Private equity fund managers must justify the very high cost of the asset class to its investors through superior returns every time they raise a fund, or savvy investors will take their capital elsewhere.
That was the message from CVC Capital Partners’ investor relations partner Marc St John, before the launch of the firm’s latest fund, which has just closed on a record-breaking €16 billion.
“If we can’t do that – and as I just said, a lot of the GPs had difficulty with that in the global financial crisis – you’re going to have to lower your prices,” he told delegates at a panel at the BVCA Summit 2016 in London in October.
CVC has clearly had no trouble justifying its fees to investors; after just five months in market, CVC held a ‘one-and-done’ on the largest euro-denominated fund in private equity history. And it could have raised it twice over.
The fund officially launched in January with a €12.5 billion target. A month later the firm held two due diligence weeks – one at the Savoy Hotel in London and one at the Park Hyatt in New York – where its investment professionals from around the world gathered to answer investors’ questions.
LPs then had until 8 May to submit commitment documents for the vehicle, as reported by PEI.
All in all, CVC held more than 1,500 LP meetings over the five-month fundraising, including those conducted during the two due diligence weeks.
CVC Capital Partners VII received €30 billion-worth of interest from LPs despite offering no early-bird discount and lowering its hurdle rate to 6 percent.
Even with talk of GPs tightening the fund-term screws on LPs in the incredibly buoyant fundraising environment, it is still only those firms that are producing exceptional returns that are gaining much traction. Mediocre fund managers need not apply.
CVC has the track record to back it up: the firm has fully exited 120 of the 154 investments it has made since it began investing Fund I in 1996, and these have generated a gross multiple of 2.2x and a gross internal rate of return of 26.3 percent, according to documents prepared for the New Jersey State Investment Council’s 29 March investment meeting seen by PEI.
It is certainly no coincidence that the other mega-fund to mess around with the sacred 8 percent hurdle rate on its recent fundraise is Advent International, which scrapped it entirely for its $13 billion Fund VIII.
It, too, is on the higher end of the returns spectrum compared with its mega-fund peers. The 2012-vintage Advent International GPE VII, which closed on $10.8 billion, was delivering a 15.1 percent IRR and a 1.3x return as at 30 June 2016, according to the California Public Employees’ Retirement System. Its sixth fund has an IRR of 17.5 percent and an investment multiple of 2.0x, while its fourth and fifth funds are posting impressive IRRs of 52 percent and 42.8 percent respectively.

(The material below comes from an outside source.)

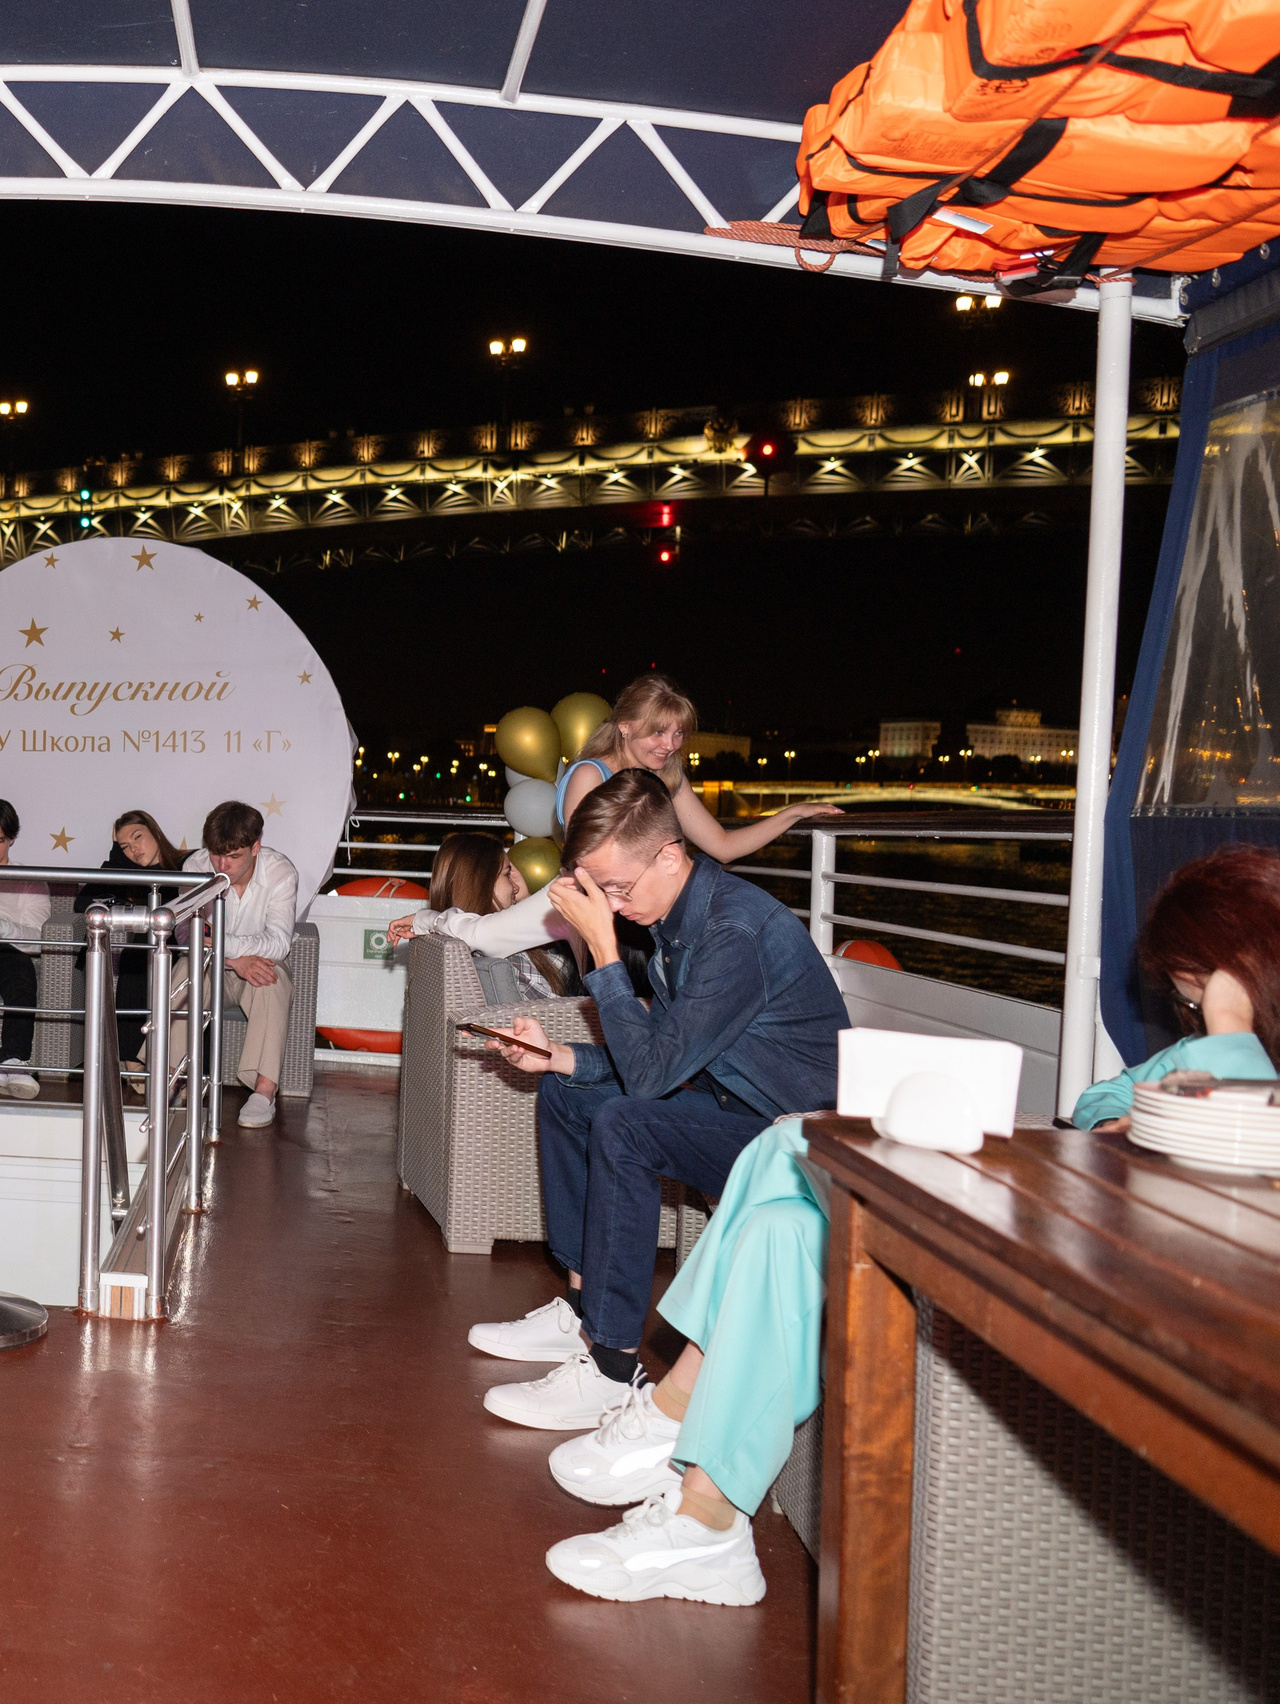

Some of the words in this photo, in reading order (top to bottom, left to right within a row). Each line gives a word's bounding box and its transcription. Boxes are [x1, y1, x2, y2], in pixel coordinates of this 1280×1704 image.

Documents prepared by StepStone for the State of Connecticut Retirement Plans and Trust Funds and seen by PEI put these in context. CVC’s risk-adjusted performance – defined as gross TVM over (1 plus the loss ratio) – from 2002 to 2012 is 2.0x. That puts it ahead of European peers Cinven, with 1.8x, Permira, with 1.7x, Apax Partners, with 1.6x, and BC Partners, with 1.5x. Advent International, meanwhile, delivered 2.5x, a result only equalled by Clayton, Dubilier & Rice.
CVC’s sixth fund is around 80 percent invested, and the expectation is Fund VII will be activated at the beginning of 2018 at the latest, deploying between €3 billion and €4 billion per year. As with Fund VI, capital will be called down from LPs just once per year, with a subscription credit line used to bridge investments.
Despite a downward trend in private equity returns across the board, CVC still has high expectations for this fund, targeting a gross IRR in excess of 20 percent and a gross multiple of at least 2x, according to the New Jersey documents. If it manages that, its IR team will have a good chance of justifying its fees to investors next time around.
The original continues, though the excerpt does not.